There was a time when official government statements were treated as a reliable account of what happened. Aside from the occasional conspiracy theory, government accounts, even on social media platforms, were treated as trustworthy. Like any other statement from a politician, they could be warped to a degree to serve an agenda, but the facts of a certain event could generally be relied upon.
In 2026, whatever trust we had in government transparency has completely dissipated. That trust has been tested, not by hearsay, not by conspiracy theorists, not by fringe outlets, but in broad daylight on American streets.
In the first month of 2026 alone, at least eight people have died at the hands or in the custody of Immigration and Customs Enforcement (ICE). Among those deaths, two gained the most recognition in the media — Renée Good and Alex Pretti.
What separates them from the other six murders? For one, they’re white. It cannot be overlooked that the stories that have most incensed Americans on a wide scale are stories of violence towards white citizens. Moreover, from both instances emerged civilian-captured videos widely circulated on social media. In Good’s case, video analysis shows multiple shots fired into her SUV in under a second, contradicting initial government descriptions of the encounter, which claimed she “weaponized her vehicle.” On Jan. 7, the day of the shooting, President Trump said, “She didn’t try to run him over. She ran him over.”

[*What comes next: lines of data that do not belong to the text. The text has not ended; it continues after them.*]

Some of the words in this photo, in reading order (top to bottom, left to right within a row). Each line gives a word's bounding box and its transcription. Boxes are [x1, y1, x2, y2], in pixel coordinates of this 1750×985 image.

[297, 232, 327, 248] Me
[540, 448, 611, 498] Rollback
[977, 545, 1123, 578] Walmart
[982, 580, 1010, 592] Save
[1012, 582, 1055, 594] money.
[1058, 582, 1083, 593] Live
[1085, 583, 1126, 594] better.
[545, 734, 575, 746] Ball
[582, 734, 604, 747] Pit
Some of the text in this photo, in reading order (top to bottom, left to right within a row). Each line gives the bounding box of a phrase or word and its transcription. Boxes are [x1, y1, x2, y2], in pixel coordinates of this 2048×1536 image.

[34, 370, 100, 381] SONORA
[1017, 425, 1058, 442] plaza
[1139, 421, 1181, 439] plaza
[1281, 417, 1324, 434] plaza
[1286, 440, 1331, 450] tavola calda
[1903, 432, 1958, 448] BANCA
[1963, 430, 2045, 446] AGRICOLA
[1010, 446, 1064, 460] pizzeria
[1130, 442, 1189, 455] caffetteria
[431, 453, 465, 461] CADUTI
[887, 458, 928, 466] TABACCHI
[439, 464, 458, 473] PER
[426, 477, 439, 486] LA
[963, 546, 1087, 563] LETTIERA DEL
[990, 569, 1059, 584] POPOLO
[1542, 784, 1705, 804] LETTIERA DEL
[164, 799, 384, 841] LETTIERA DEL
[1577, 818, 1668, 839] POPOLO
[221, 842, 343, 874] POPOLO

Less than 20 days later, on Jan. 24, Pretti was also fatally shot in Minneapolis. Just later that day, the first video captured from across the street circulated on Instagram and X. It showed a struggle, a woman nearby recording and then, suddenly, shots fired. In the subsequent days, more point of views were posted and spread, but not before the Department of Homeland Security posted a photo on X, formerly Twitter, of a gun found on Pretti’s person, alleging that he had “2 magazines and no ID,” manufacturing the narrative that Pretti “wanted to do maximum damage.”

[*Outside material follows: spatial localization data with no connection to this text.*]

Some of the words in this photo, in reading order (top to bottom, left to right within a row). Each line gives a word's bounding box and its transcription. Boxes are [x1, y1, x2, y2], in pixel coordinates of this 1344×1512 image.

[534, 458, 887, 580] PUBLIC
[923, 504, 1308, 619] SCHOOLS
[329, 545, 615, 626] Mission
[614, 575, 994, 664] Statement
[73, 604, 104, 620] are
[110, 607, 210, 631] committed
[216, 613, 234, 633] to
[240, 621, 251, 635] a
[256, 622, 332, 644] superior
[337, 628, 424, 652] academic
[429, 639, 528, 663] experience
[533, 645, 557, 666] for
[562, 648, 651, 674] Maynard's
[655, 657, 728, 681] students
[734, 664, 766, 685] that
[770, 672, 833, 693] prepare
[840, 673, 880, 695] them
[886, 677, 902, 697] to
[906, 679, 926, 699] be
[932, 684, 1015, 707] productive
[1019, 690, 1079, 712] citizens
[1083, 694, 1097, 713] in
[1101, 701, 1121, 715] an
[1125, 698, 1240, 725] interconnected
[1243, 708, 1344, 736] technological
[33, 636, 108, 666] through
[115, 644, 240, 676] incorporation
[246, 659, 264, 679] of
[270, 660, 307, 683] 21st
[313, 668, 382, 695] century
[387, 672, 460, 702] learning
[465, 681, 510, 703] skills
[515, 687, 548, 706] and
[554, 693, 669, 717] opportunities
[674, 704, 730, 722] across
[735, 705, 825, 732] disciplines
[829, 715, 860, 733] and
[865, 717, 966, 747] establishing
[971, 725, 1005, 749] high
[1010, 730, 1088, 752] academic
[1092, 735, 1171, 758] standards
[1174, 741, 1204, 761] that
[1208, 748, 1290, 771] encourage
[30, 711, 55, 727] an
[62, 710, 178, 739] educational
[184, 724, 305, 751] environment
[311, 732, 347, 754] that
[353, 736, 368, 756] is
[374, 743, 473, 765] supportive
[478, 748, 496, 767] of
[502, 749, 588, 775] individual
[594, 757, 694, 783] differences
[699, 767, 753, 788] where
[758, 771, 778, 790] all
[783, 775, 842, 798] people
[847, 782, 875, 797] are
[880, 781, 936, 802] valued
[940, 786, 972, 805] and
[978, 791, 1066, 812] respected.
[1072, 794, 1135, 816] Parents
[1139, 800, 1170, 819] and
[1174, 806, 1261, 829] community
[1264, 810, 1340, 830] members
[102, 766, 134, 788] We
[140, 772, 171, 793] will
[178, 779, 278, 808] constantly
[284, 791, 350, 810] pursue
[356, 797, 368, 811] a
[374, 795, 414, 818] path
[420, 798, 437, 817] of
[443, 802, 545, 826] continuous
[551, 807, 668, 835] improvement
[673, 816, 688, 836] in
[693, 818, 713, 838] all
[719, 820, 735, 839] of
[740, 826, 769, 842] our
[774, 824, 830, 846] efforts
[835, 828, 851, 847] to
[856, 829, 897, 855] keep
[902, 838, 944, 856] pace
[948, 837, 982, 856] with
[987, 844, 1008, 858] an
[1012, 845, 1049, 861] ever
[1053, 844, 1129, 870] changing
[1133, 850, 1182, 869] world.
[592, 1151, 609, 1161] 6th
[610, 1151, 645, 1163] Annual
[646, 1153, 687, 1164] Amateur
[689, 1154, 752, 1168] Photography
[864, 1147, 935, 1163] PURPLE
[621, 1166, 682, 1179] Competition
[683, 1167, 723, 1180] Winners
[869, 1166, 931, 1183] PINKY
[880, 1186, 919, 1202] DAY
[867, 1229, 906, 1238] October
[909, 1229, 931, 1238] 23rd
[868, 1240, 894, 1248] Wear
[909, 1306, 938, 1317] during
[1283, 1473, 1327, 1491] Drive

In both cases, the videos of the murders, often from multiple angles, presented a wildly different story than the self-defense narratives created within minutes by the government. Official narratives of both shootings shifted only after hours or days of public scrutiny and comparison with footage shared online. Social media platforms have flaws, are rife with misinformation and are largely responsible for planting seeds of mistrust between party lines in exchange for profit.
In earlier days of social media, the verified account or official, governmental affiliation conferred a sense of trustworthiness onto content posted to social media, which we’ve been taught to scrutinize. Now, sources that once attempted to stabilize an uncertain relationship between social media and truth capitalize on that very instability. Even more frightening, with the proliferation of AI videos, our very sense of reality is manipulated and taken advantage of.

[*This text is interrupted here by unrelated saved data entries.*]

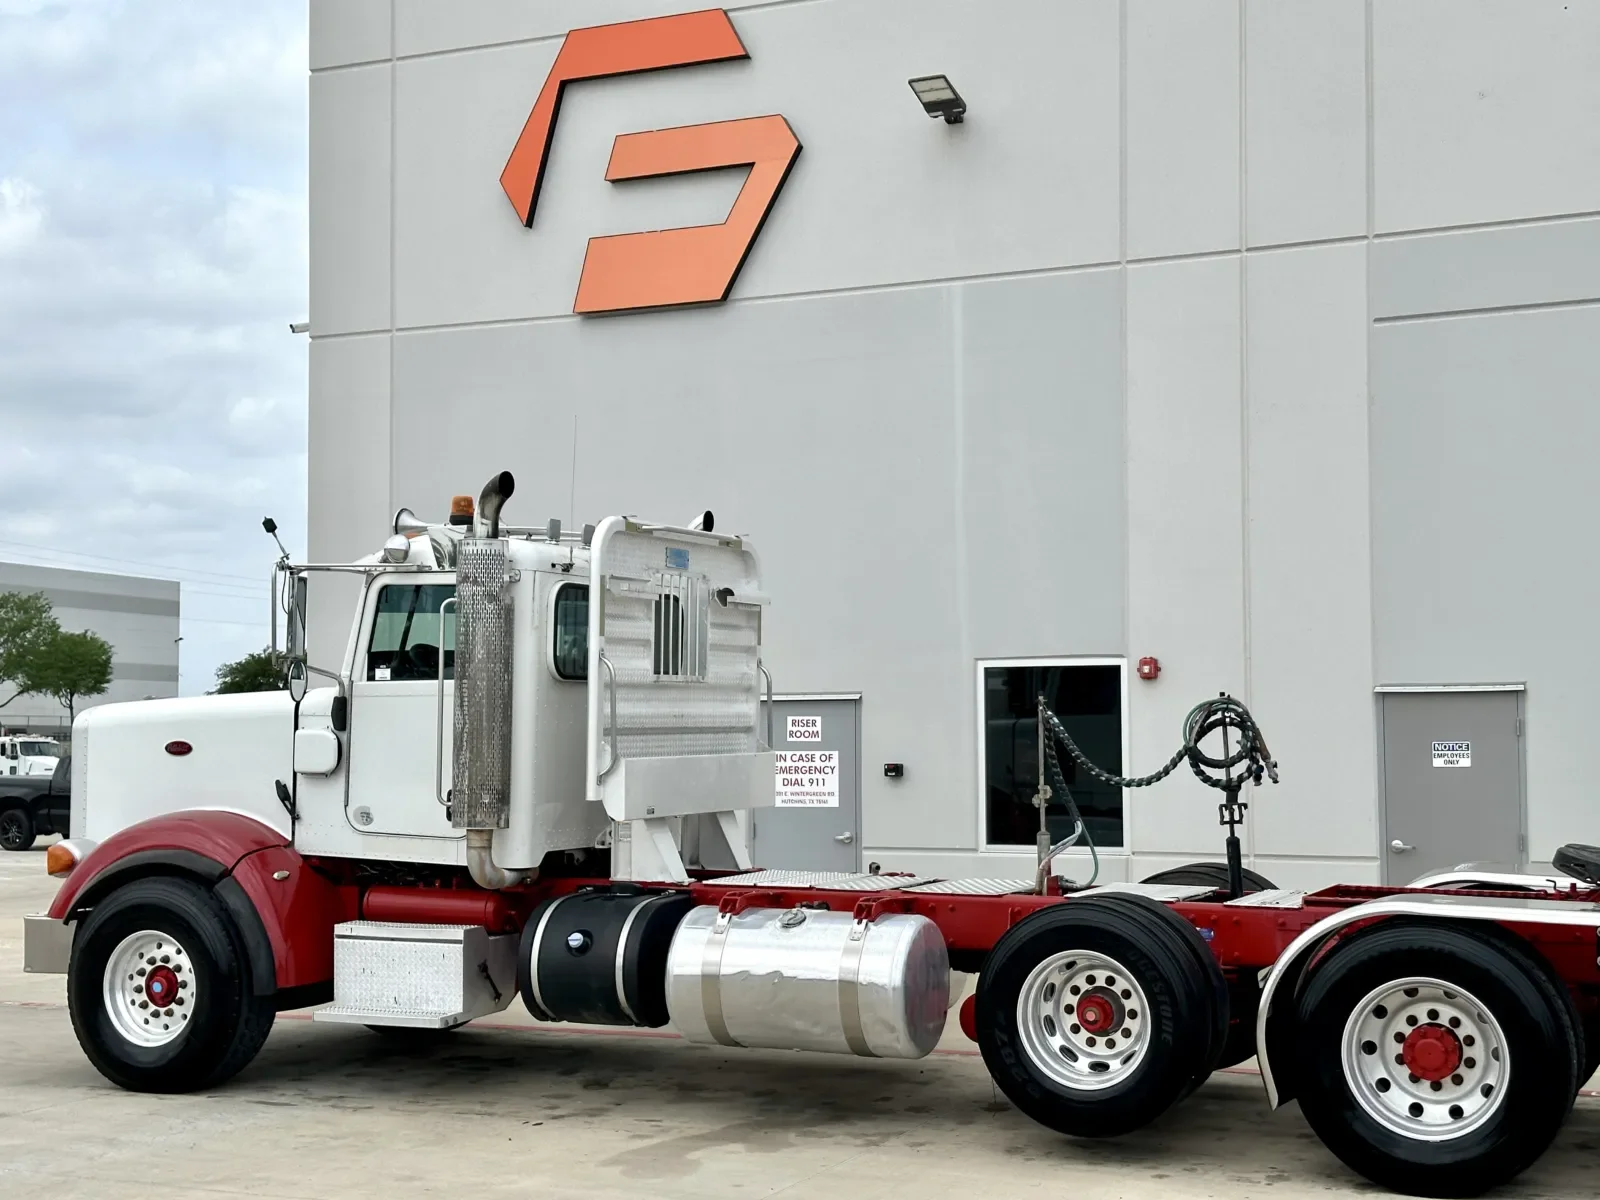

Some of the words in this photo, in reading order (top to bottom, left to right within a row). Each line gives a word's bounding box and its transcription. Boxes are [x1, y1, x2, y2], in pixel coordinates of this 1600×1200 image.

[791, 719, 817, 728] RISER
[788, 730, 820, 738] ROOM
[1434, 743, 1468, 751] NOTICE
[775, 753, 787, 762] IN
[790, 753, 816, 762] CASE
[819, 753, 833, 762] OF
[775, 765, 836, 775] EMERGENCY
[782, 778, 805, 787] DIAL
[808, 778, 826, 787] 911

However, in an unsteady information environment, we must learn to rely upon viral videos and crowdsourced timelines to even approach an understanding of the truth, while official sources with access to evidence, investigators and our tax dollars emit delayed, incomplete or contradictory statements.
The opacity doesn’t end with shootings in front of our very eyes. We do not have anything close to a full picture, much less a video, of what is happening inside ICE detention centers, where political prisoners are being held out of public view. Reports and rumors of deaths, unanswered questions about conditions and zero mandate for public accountability have fueled fears that the real human cost of immigration enforcement remains hidden from the public eye.
In the age of endless information, it is astounding how easy it is to have that information weaponized against us, and how little accountability follows. Citizens and activists with phones and social media should not be the only check on federal power.

Klemperer | Mar 4, 2026 at 10:01 am
I am happy that you make your Wellesley College news articles publicly available, so anyone who wants to can read them. I liked in this article the news – for people in Europe, for example – about how “open” or rather not open the ICE is doing their highly questionable work. In Europe a lot of people talk a lot about ICE, but rather turn their heads if it comes to “Frontex”, the European method not to allow refugees and people seeking for asylum. There remain many open questions. Thank you!